- _WHAT THIS TASK INVOLVES_:
Every entry needs to be written out again exactly, with its pictures removed.

───

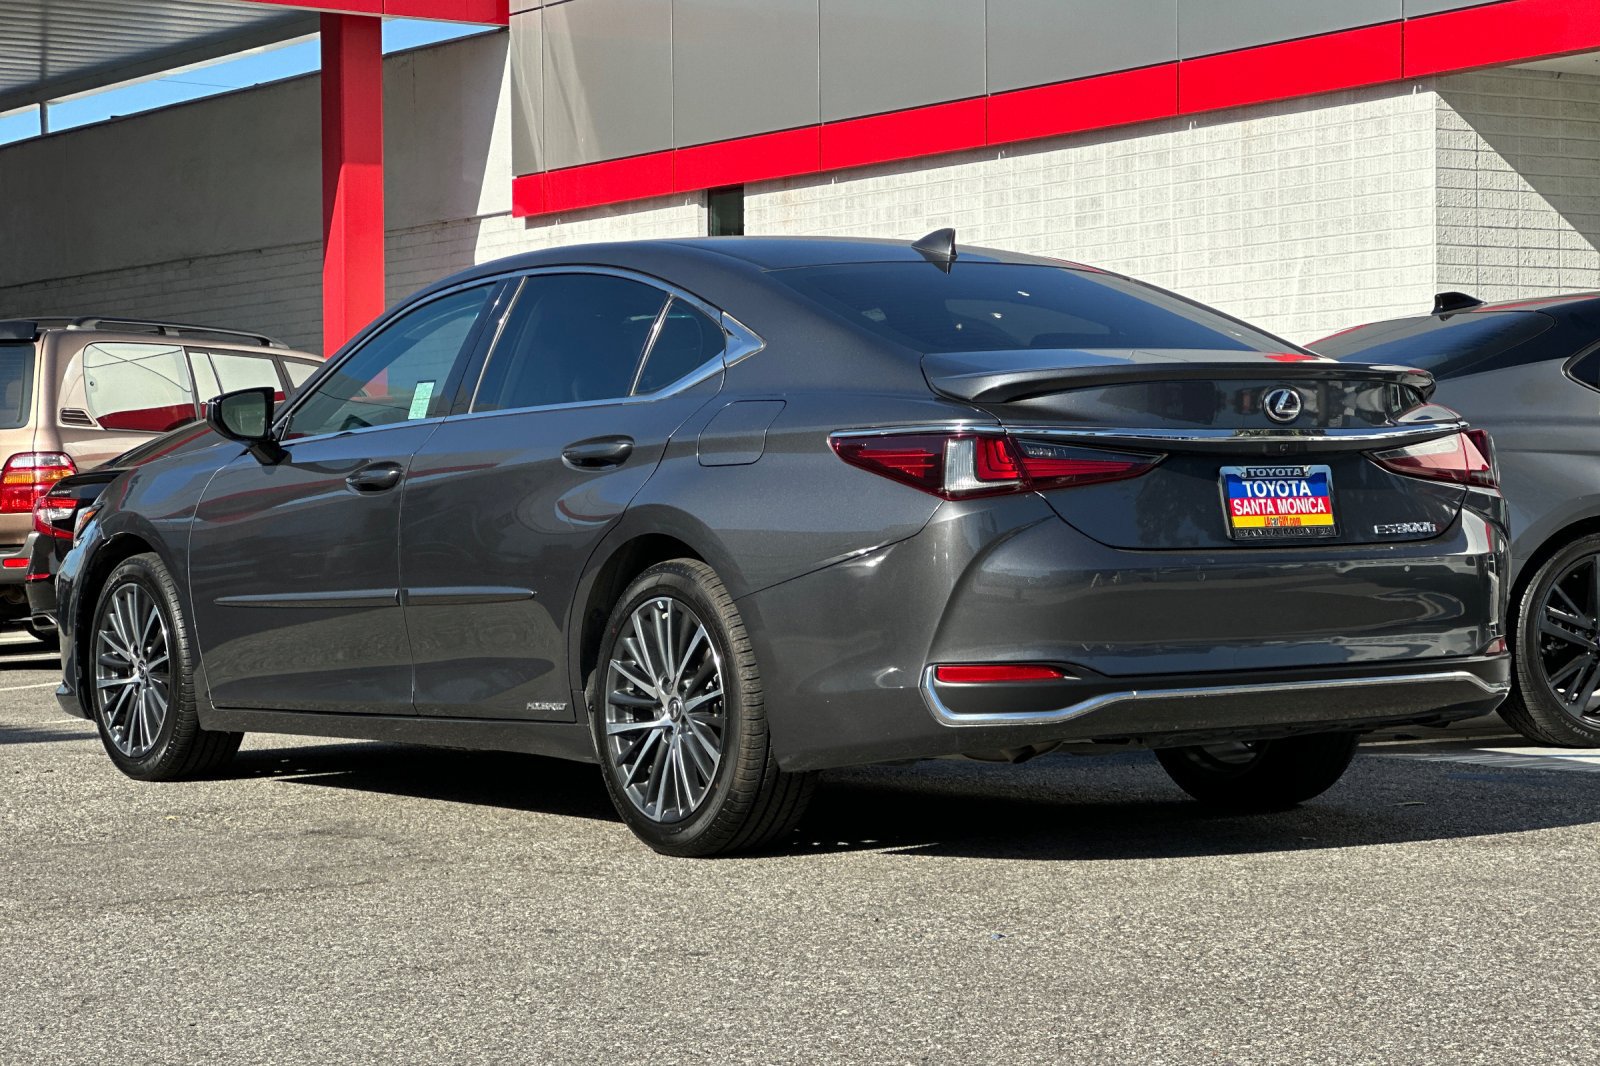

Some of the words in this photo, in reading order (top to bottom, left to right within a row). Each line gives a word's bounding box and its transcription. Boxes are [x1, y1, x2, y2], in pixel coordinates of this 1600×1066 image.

[1247, 468, 1303, 477] TOYOTA
[1242, 480, 1312, 498] TOYOTA
[1233, 498, 1276, 515] SANTA
[1277, 497, 1326, 514] MONICA

───

- _WRITTEN ANSWER_:
Some of the words in this photo, in reading order (top to bottom, left to right within a row). Each line gives a word's bounding box and its transcription. Boxes are [x1, y1, x2, y2], in pixel coordinates of this 1600×1066 image.

[1247, 468, 1303, 477] TOYOTA
[1242, 480, 1312, 498] TOYOTA
[1233, 498, 1276, 515] SANTA
[1277, 497, 1326, 514] MONICA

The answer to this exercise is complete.